Welcome to You Ask Andy

Billy Warren, age 11, of Newport News, Virginia, for his question:

How are seashells made?

An empty seashell is an empty house. It was built by a smallish ocean dwelling animal and he lived inside it all his life. He created it from handy materials. Often it is a work of art and sometimes it is durable enough to last a million years after the owner departs.

The most handsome seashells are made by the univalve mollusks. The two shells of the clam and other bivalve mollusks usually have drab exteriors. However, the oyster and many other bivalves have interior walls lined with satin smooth mother of-pearl. But when it comes to seashell collecting, the real beauties are the univalves that create one piece shells. A mollusk builds his shell around his soft, blobby body and very often he keeps growing and adding to it all his life.

The soft bodied sea dweller would never survive a season in the hungry ocean without special protection. However, nature gives him the means to create a tough house of armor plating around himself. His body has an outer layer of special tissues called the mantle. The cells of the mantle extract atoms and molecules of certain chemicals from food and seawater. It also has an assortment of special glands that process these chemicals into suitable building materials.
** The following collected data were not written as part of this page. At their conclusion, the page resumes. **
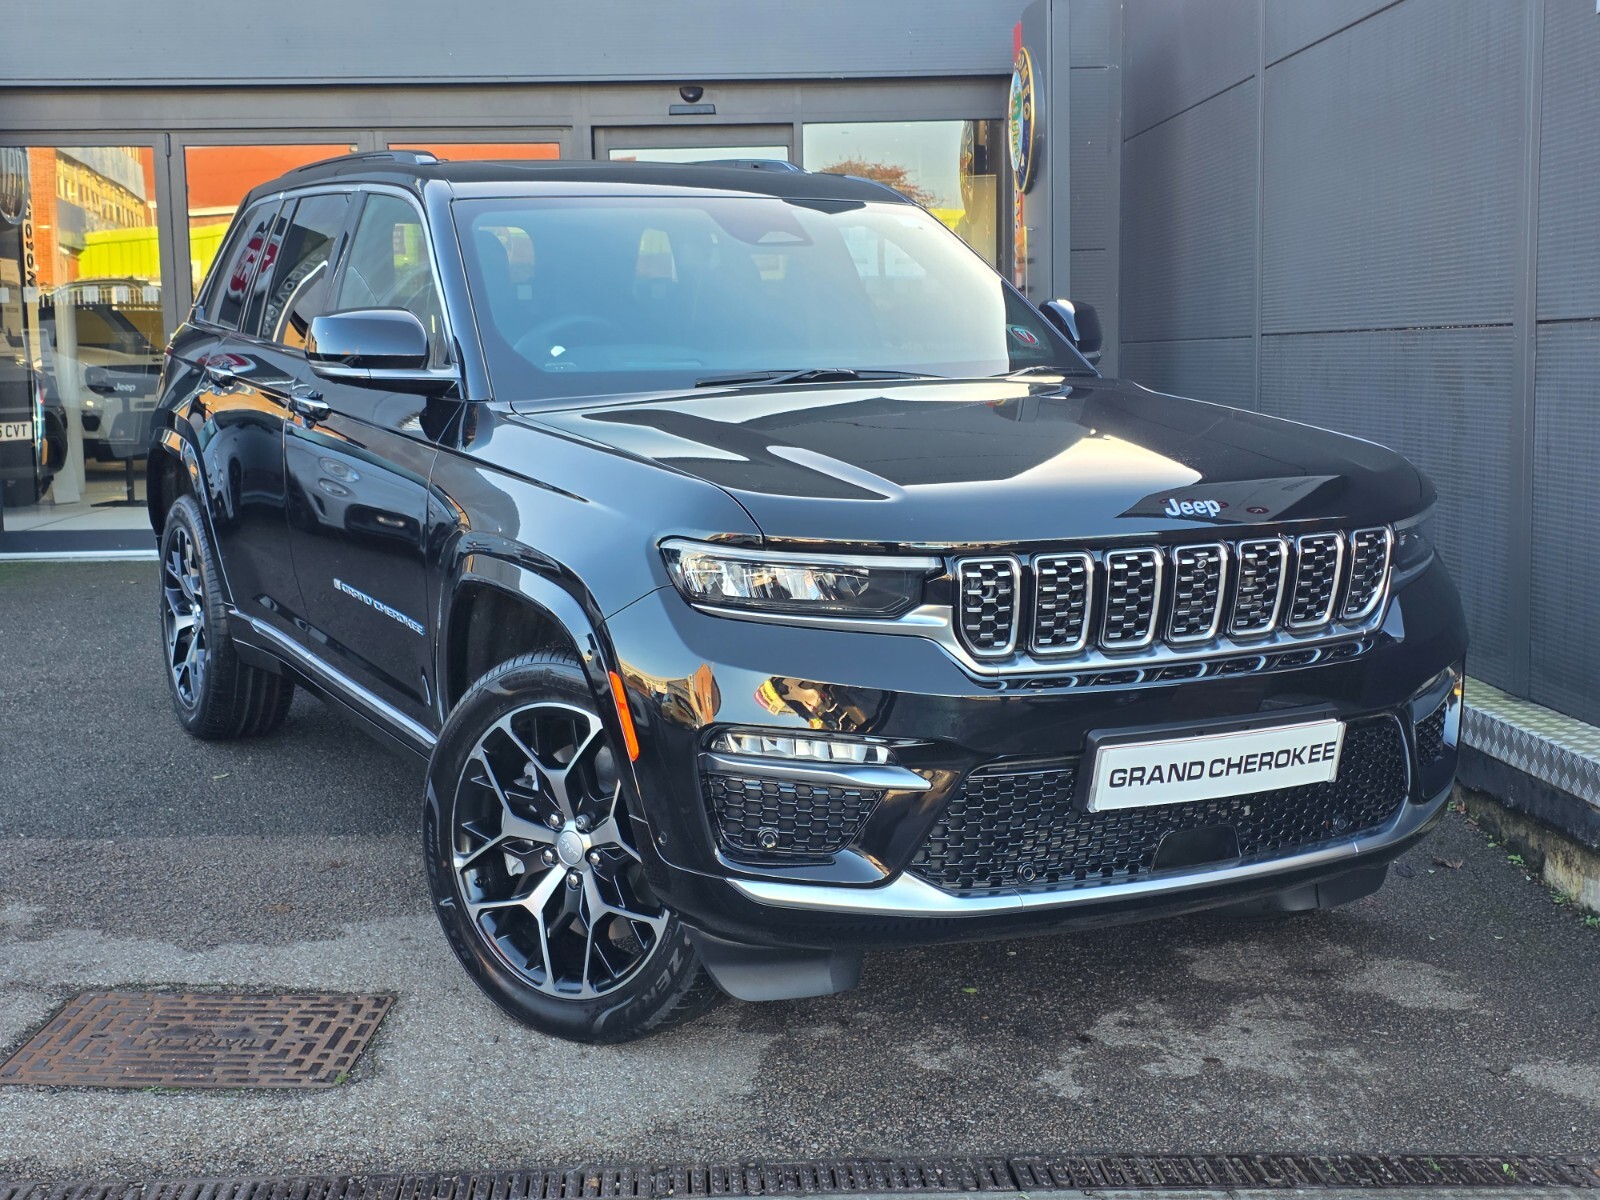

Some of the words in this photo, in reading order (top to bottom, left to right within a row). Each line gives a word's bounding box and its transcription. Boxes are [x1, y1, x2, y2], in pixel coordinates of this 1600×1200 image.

[113, 382, 136, 392] Jeep
[5, 423, 28, 438] CVT
[1164, 498, 1221, 518] Jeep
[1108, 760, 1205, 788] GRAND
[1208, 741, 1337, 779] CHEROKEE
The bulk of the building usually is done with calcium carbonate, a limy chemical compound of the elements calcium, carbon and oxygen. Gland cells in the mantle process this chemical into a slippery mucus, somewhat like the sniffly stuff that comes with a cold in the nose. Other glands may produce a hardening agent. These substances ooze from the mantle and dry to add layer after layer to the walls and opening of the shell.

About 100,000 mollusks create shells and each species repeats a pattern inherited from its ancestors. The best looking shells are elegantly coiled and artfully tinged with color. The coloring is added by special pigment making, cells in the mantle. The sunrise telling, who is a bivalve, has pink pigment cells strewn through his mantle. His two shells glow all over with pearly pink. Other shells build stripes from separate clusters of pigment cells. The mantle of the little cowrie has many small clusters of brown pigment cells. For reasons unknown, color operations stop from time to time. The background color of the shell is spotted with dainty little brown dots. The textile cone mollusk creates a mosaic pattern of blue tiles on a tweedy background of rusty ones.

The best looking seashells are created by mollusks that prefer to live in warm or tropical oceans. Certain hobby shops keep shells from all over the world for their conchology customers. Conchology is coined from an old word for shell. It is merely a fancy name for shell study. However, one does not have to collect fancy shells from around the world. You can find a few at low tide on your favorite beach. And all your shells do not have to come from the sea. Many fresh water mol¬lusks create handsome shells. So do many of the land dwelling mollusks known as snails.